Voici donc ma lecture de la vision d'Ezéchiel que nous venons d'entendre.

J'ai d'abord été frappé par l'origine de cette source, mince filet d'eau au départ, coulant de dessous une porte. Et derrière cette porte, qu'y a-t-il ? D'où part-elle ? Nous ne savons qu'une chose : cette source vient du Temple, où la Gloire de Dieu est revenue habiter. Ce filet d'eau est le signe visible d'un Dieu invisible, et débordant. Ça me fait penser aux sacrements, le baptême et la sainte Cène : ne sont-ils pas, eux aussi, signes visibles d'une grâce invisible, et certainement débordante ?

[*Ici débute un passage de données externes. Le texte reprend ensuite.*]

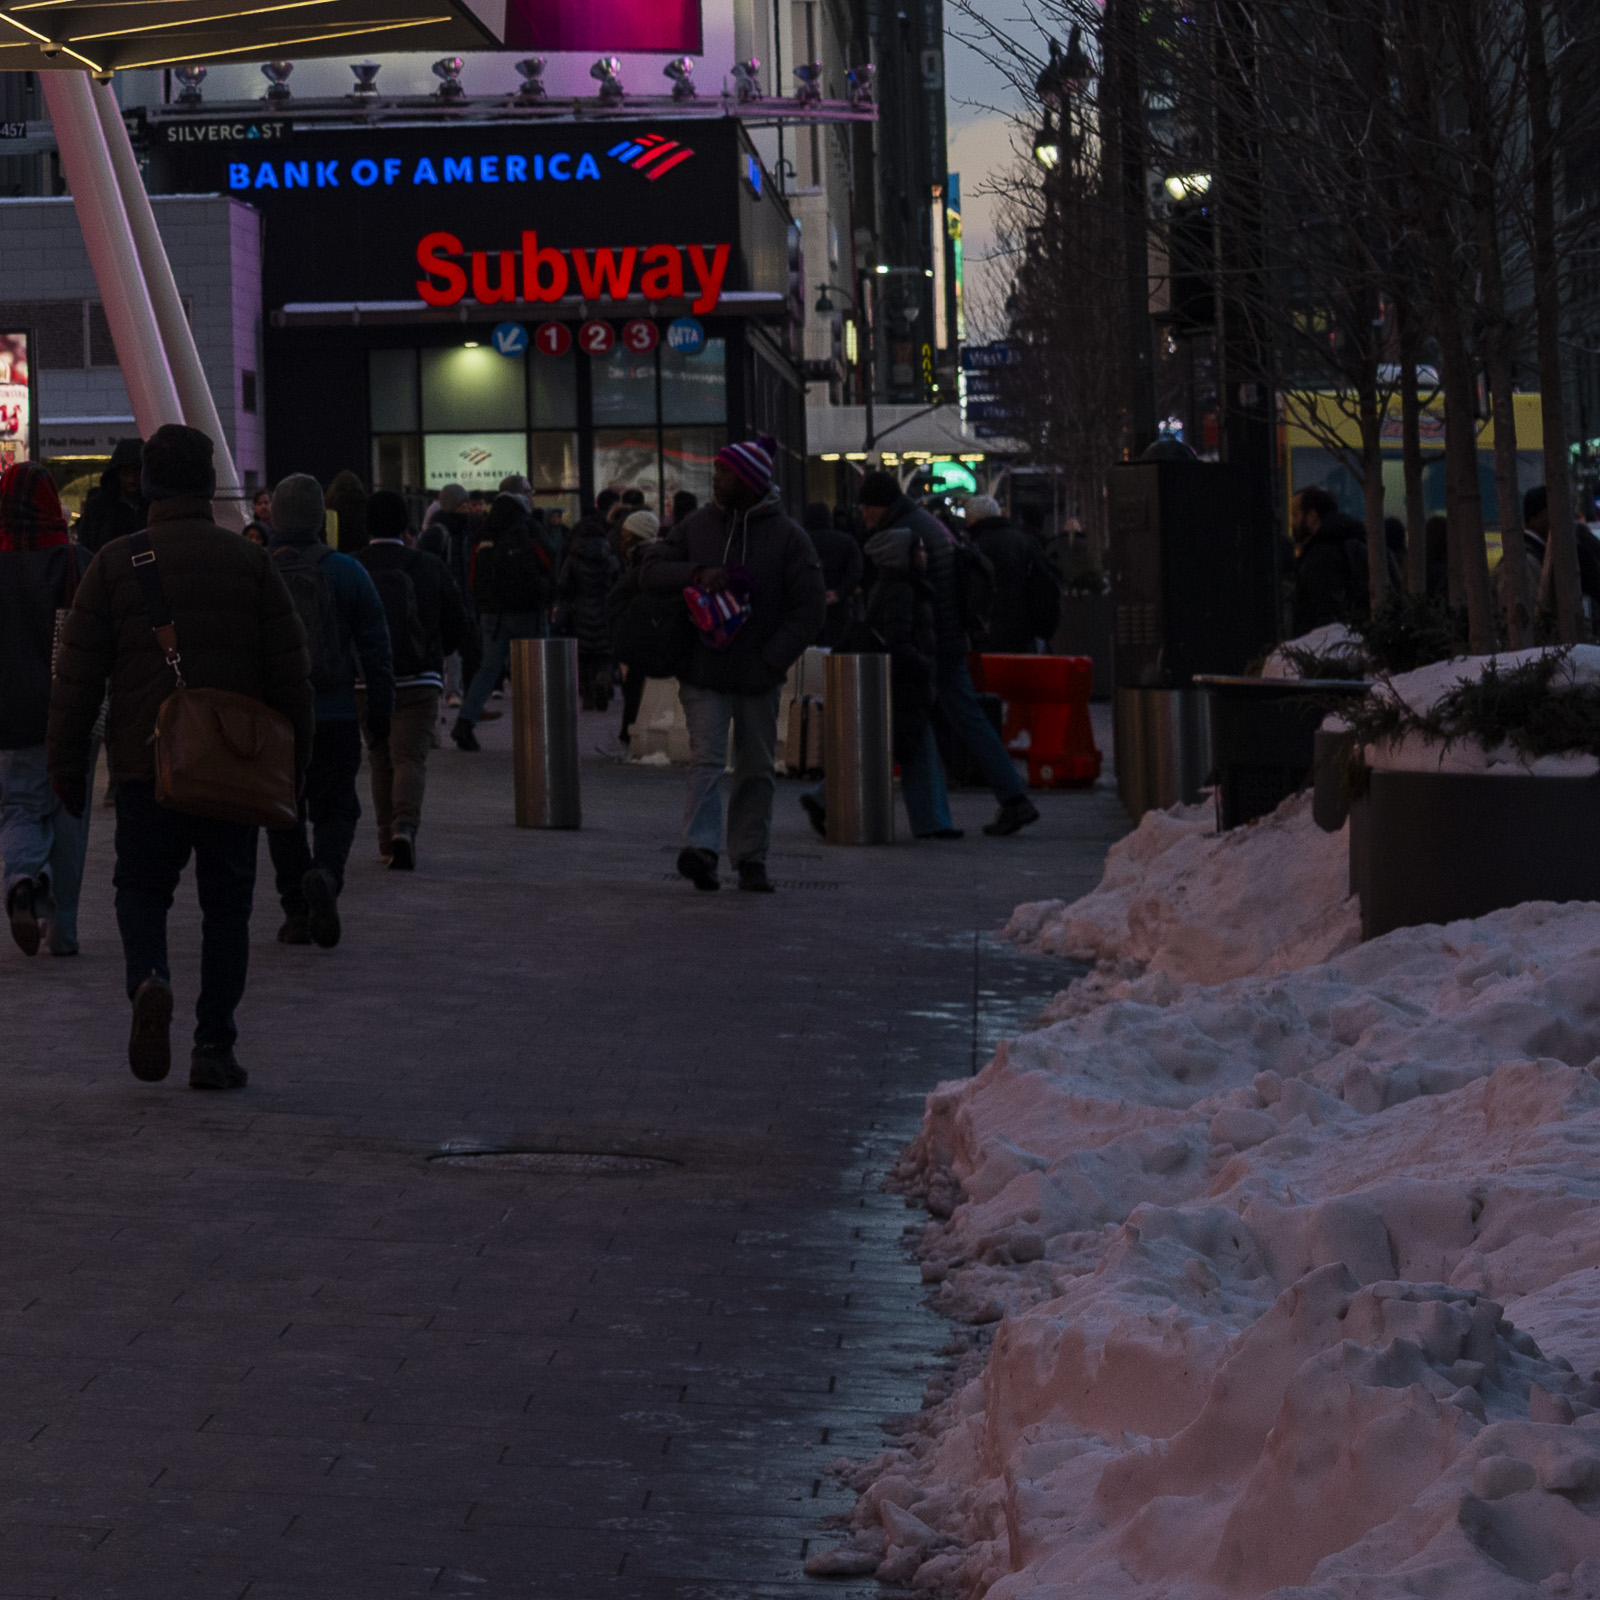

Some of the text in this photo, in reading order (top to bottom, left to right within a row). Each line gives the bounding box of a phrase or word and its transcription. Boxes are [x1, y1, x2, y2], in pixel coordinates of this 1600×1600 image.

[167, 122, 284, 142] SILVERCAST
[229, 152, 600, 190] BANK OF AMERICA
[416, 230, 731, 315] Subway
[588, 326, 606, 350] 2
[631, 324, 650, 349] 3

La présence du Dieu vivant donne une source aux propriétés étonnantes. Habituellement, chez nous, un torrent grossit grâce à l'apport de ses affluents; ici, en quatre fois mille coudées, le filet d'eau devient tout seul torrent infranchissable. Ordinairement, les vertus bénéfiques d'une source se diluent à mesure qu'on s'éloigne de son début; ici, on constate l'inverse: tout en grandissant en débit, le courant déploie ses effets : il guérit les eaux de la Mer Morte, il suscite une variété de poissons aussi riche qu'en Méditerranée, il fait croître des arbres nourrissant et guérissant. Comment ne pas penser à la graine de moutarde, dont la force de croissance n'était pas imaginable au départ ? Nous connaissons des courants forts et impétueux; mais quand ils traversent des terrains nouveaux, ils les creusent, ils en emportent la terre, ils les noient. Ici, au lieu d’une force de destruction, c'est une force de vie qui est à l'œuvre. Je dirais même, une force de création, une force de résurrection.

En effet, n'est-ce pas une image paradisiaque qu'Ezéchiel contemple, avec ces pécheurs au travail, ces arbres de vie bordant le torrent ? Comment ne pas nous rappeler le fleuve aux quatre bras du jardin d'Eden ? Vision de la volonté première de Dieu, ne pouvons-nous pas aussi l'appeler vision de résurrection ? Car là où désormais tout chante la santé et la vie, stagnait la Mer Morte.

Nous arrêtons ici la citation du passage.